Why is no learning curve important? Because it allows teams to transition to it without taking time to do it. Teams that are already using complex products like Atlassian, etc. have already invested a lot of time into getting their whole team over the big learning curve, so they don't really have any reason to go with you. They would see it as a negative acknowledgement that they wasted time learning Atlassian, and since Atlassian already has more features than yours, they would be losing capabilities too (remember they're already over the learning curve). These are therefore the people that will say they don't understand your USP. You're not going to convince any of them to transition to your product.

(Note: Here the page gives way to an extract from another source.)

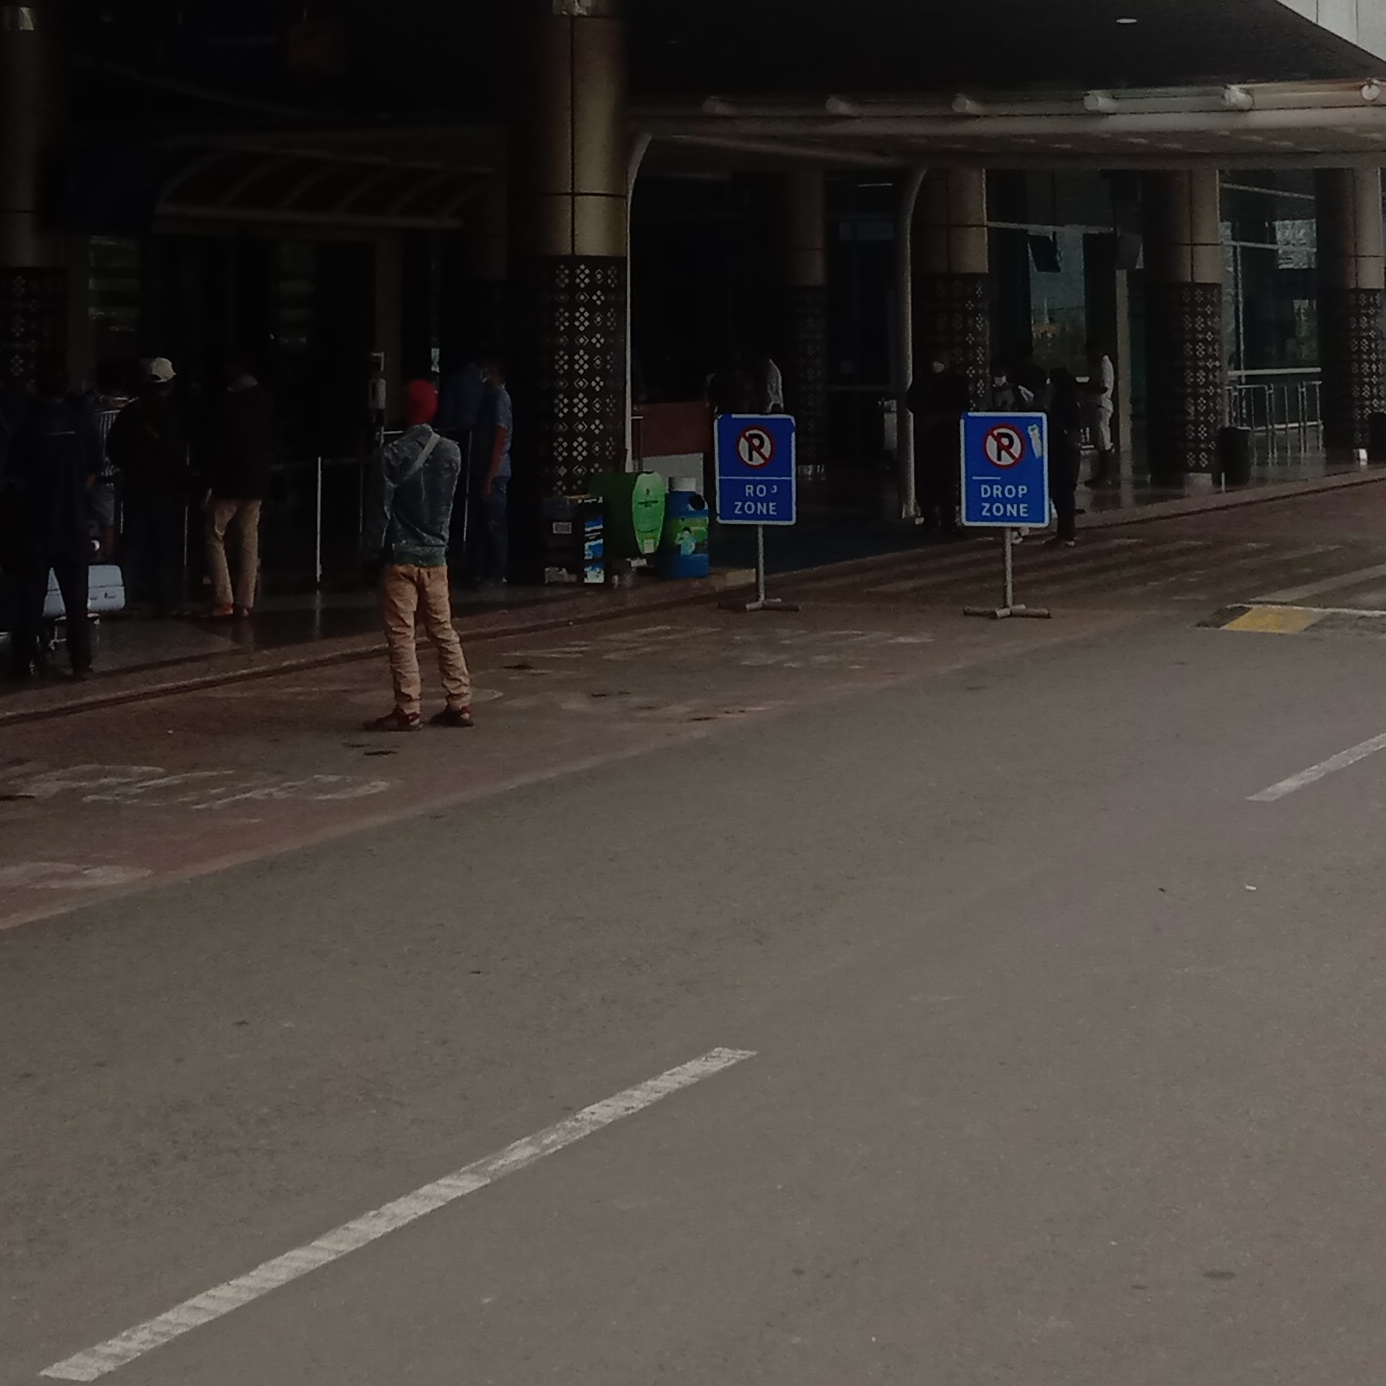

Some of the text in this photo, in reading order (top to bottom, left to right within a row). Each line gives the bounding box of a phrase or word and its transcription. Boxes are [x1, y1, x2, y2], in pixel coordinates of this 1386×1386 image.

[980, 484, 1028, 499] DROP
[733, 500, 778, 515] ZONE
[981, 502, 1030, 517] ZONE

The main persona you should be selling to is the people that either currently use the less complex solutions (Trello, etc.), and also the people that are just starting their first product and are just starting to look at the tools available (i.e. they haven't been exposed to anything yet). These are the people that will immediately understand your USP, and it will resonate with them. They want better tools without the learning curve. However, aside from time to learn, another reason some of these people have not gone to a more complex solution is because they cost more. So to get those people too, make sure you have a long free trial period to let them get a feel with their own experience that there's no learning curve, and to get them hooked on the advanced features, so when they try to go back to Trello, etc. they get frustrated with the annoying repetitive tasks, etc.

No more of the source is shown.